Non solo Libia: l’esercito dei migranti (di lusso) che arriva dalla Turchia

Sono facoltosi manager, dirigenti, professionisti e provengono dall'Africa e dal Medio Oriente. Pagano cifre alte. E arrivano in Europa tramite percorsi diversi rispetto ai soliti migranti

Migranti nel canale di Sicilia
4 Agosto Ago 2017 0714 04 agosto 2017 4 Agosto 2017 - 07:14

Gli ultimi due scafisti/skipper sono stati arrestati qualche giorno fa in flagrante perché i poliziotti del Gicic, il Gruppo Interforze di contrasto all’immigrazione clandestina della procura di Siracusa, li aspettavano al varco.
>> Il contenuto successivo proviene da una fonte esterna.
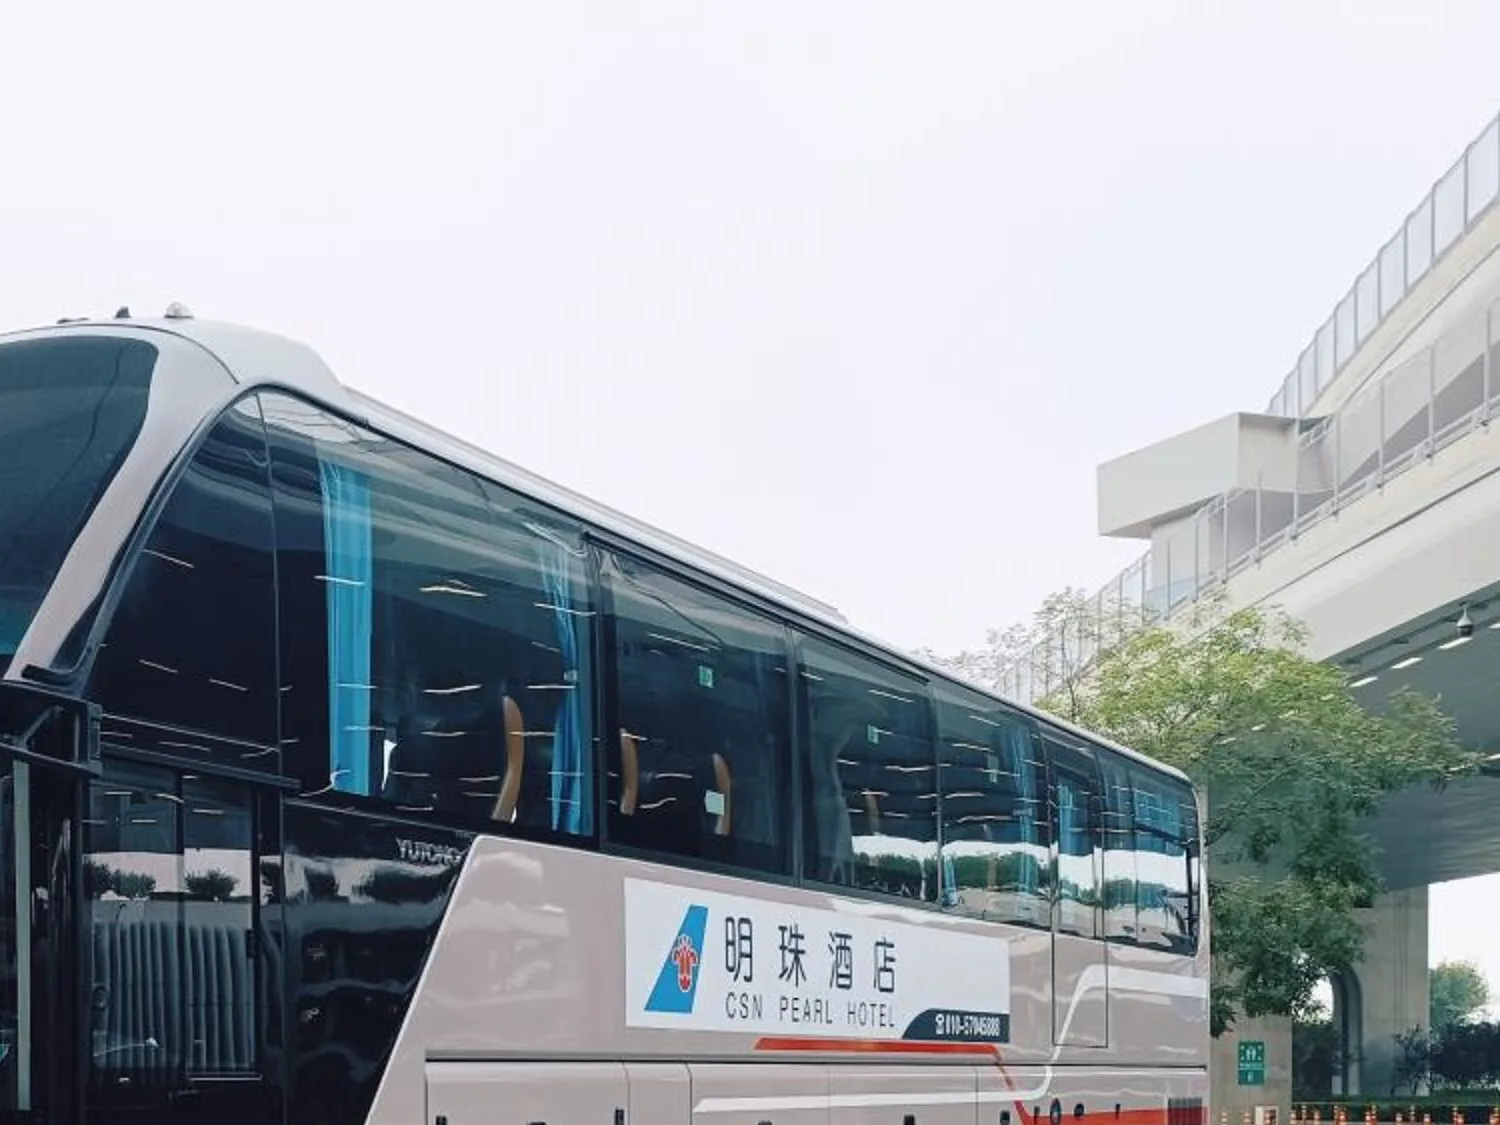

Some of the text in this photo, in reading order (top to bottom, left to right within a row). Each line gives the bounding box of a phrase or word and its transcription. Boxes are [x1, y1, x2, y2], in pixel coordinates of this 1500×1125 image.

[724, 915, 897, 994] 明珠酒店
[725, 992, 896, 1029] CSN PEARL HOTEL
O meglio sulla costa, a Portopalo di Capo Passero, dopo che erano stati intercettati dieci miglia più a sud dalle navi della Guardia Costiera e della Guardia di Finanza. Ancora una volta giovani ucraini, alla guida di un elegante veliero. Con cinquanta migranti a bordo che avevano pagato una grossa cifra, 6/7mila dollari, per arrivare a Istanbul e affidarsi a un’organizzazione che li ha portati nell’estremità meridionale della Sicilia.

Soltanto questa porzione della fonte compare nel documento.